Like everyone, when I had a baby, my life completely changed. And because I had spent two hours a day tied to a breast pump since my baby’s birth, being a mother and an exclusive pumper became very intertwined for me. Exclusive pumping was a big part of my identity. Because of this, it was really important to me that I was successful. This meant (after my supply snafu early on, when I would skip pumping sessions more than I should have) being a bit obsessive about getting my pumping sessions in.

This forced me to be learn how to be creative and get things done. For example, one time I needed to figure out the best place to pump near an outlet in an airport with the 15 minutes I had left until boarding. Another time, I got to work and realized I’d left my flanges at home, but I still needed to pump before a big meeting. Both times, I figured something out and got the pumping session in.

(This “mom creativity” is a skill that I have used over and over again as a mom – including yesterday, when I had all three kids at the pool by myself, my daughter pooped, and I realized I had zero diapers left in the diaper bag.)

Exclusive pumping also pushed me to be assertive and stand up for myself. I have always been a pretty compliant, go along with every else kind of person who was very reluctant to stand up for herself. But when I was exclusively pumping, if the choice was missing a pumping session or requesting what I needed (a place to pump, time away from a working training session. etc.), I was going to go ahead and ask.

When I was pregnant with my second baby, I was really nervous about breastfeeding again. I was already a bit terrified of having two kids under two, and I knew how hard exclusive pumping was. The thought of attempting to do it with both my big baby and a newborn to take care of was overwhelming.

However, when my daughter was born, the experience was completely different. She latched right on, and while nursing was not problem free, it was much, much easier than than it had been with my son, and after we got through the newborn phase nursing was pretty easy until we weaned around 16 months.

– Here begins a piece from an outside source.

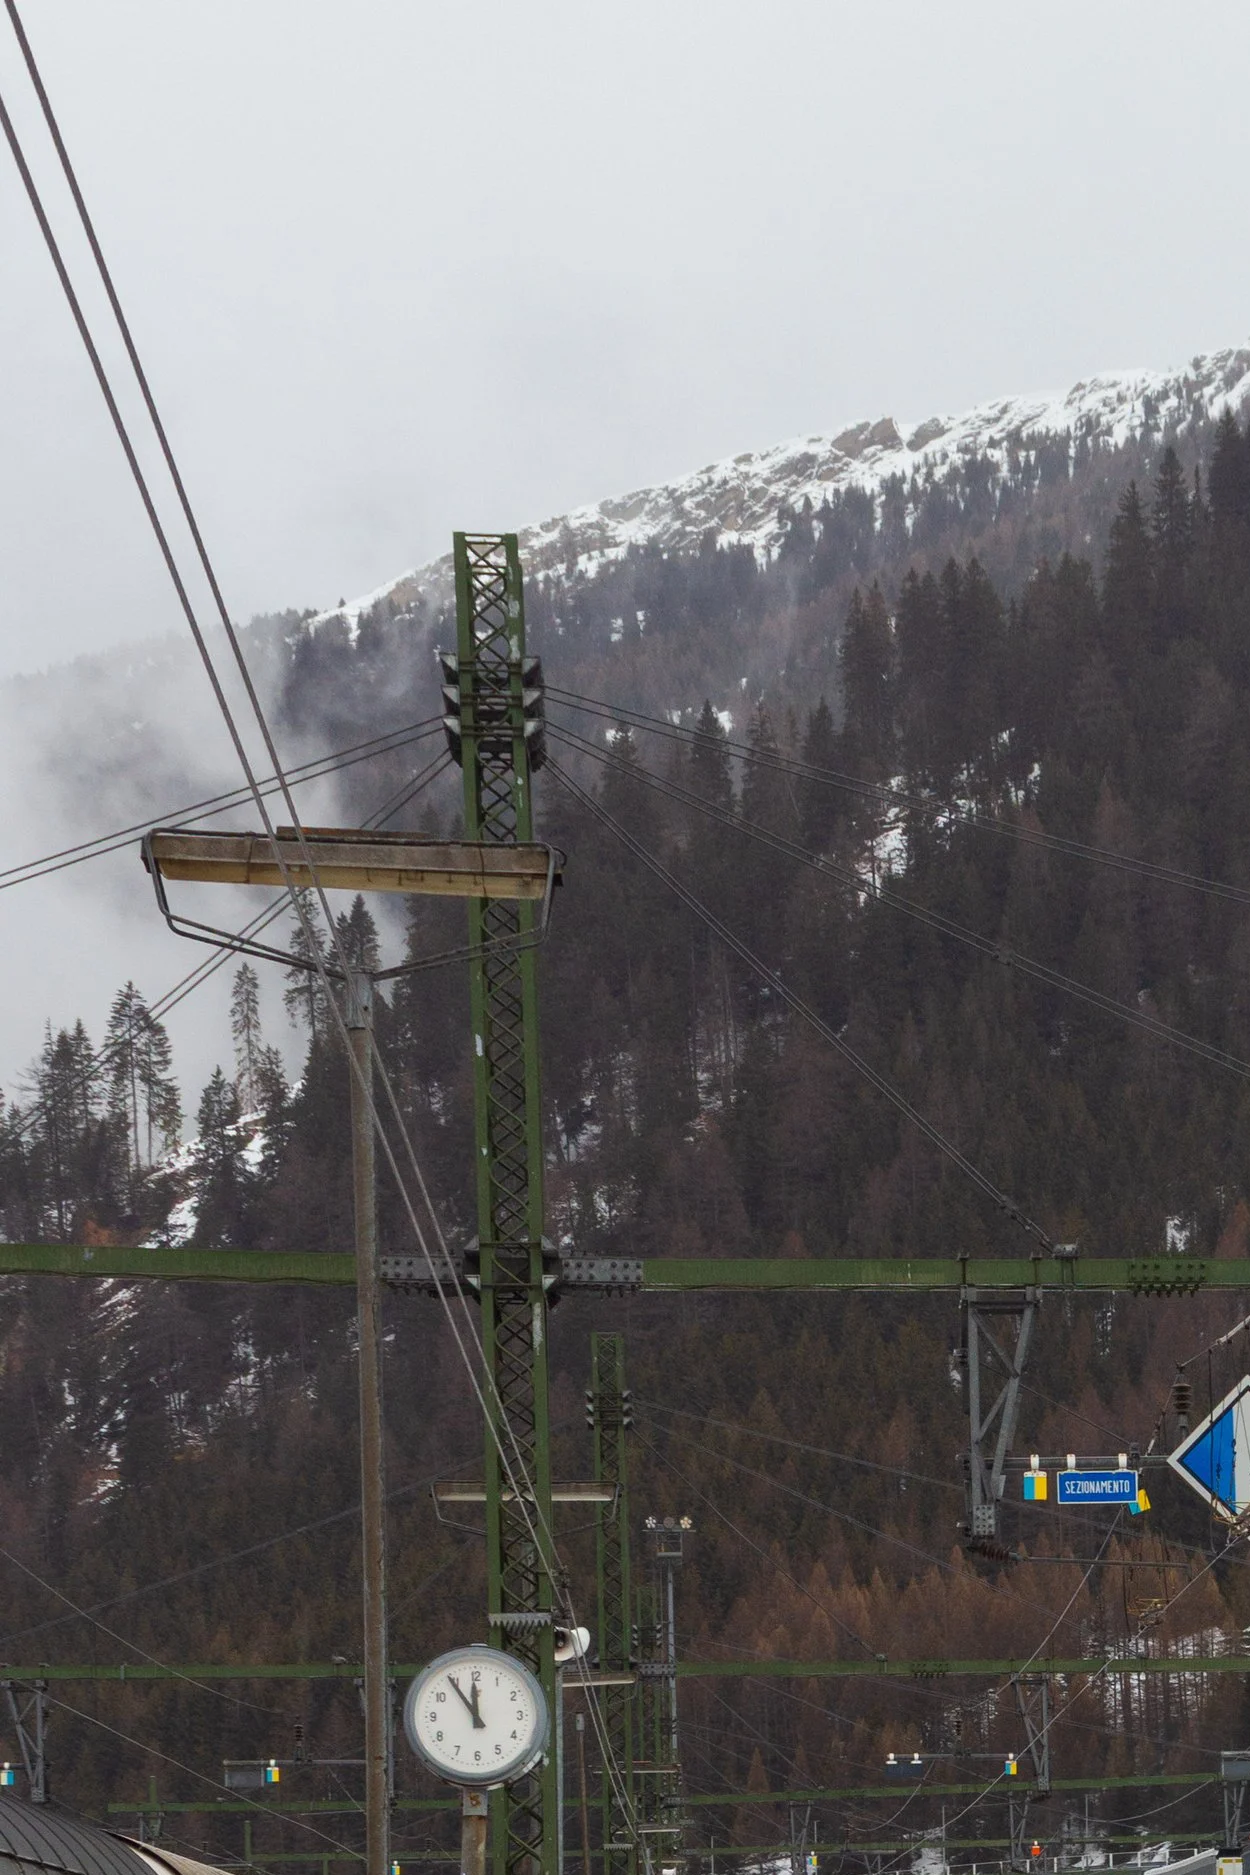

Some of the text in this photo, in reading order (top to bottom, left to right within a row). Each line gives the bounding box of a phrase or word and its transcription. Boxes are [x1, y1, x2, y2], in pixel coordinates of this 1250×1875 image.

Being able to nurse my daughter helped me work through a lot of the grief that I had about exclusively pumping for my son. When I was doing it for my son, at the back of my mind there was this feeling that I had failed. That I didn’t try hard enough, that I didn’t seek out enough help, that my body just wasn’t working right. But when I was able to nurse my daughter and saw how different the experience was, I understood more that babies are individuals, and that I’d really done the best that I could with the cards that I had been dealt.

Being an exclusive pumper is obviously no longer central to my identity as a mom – I’ve weaned my last baby, and my oldest child just finished first grade. I’m glad that I exclusively pumped for my son because I was able to provide him with breast milk, and because of how the experience helped me grow as a mom. Now I look back on the experience not as a failure, but as a success! Exclusive pumping for 14 months was really hard work, and it required a lot of dedication and creativity. I’m proud of myself – and of all of the other exclusive pumpers who have done this for their babies.

Click here for part 1 and here for part 2. 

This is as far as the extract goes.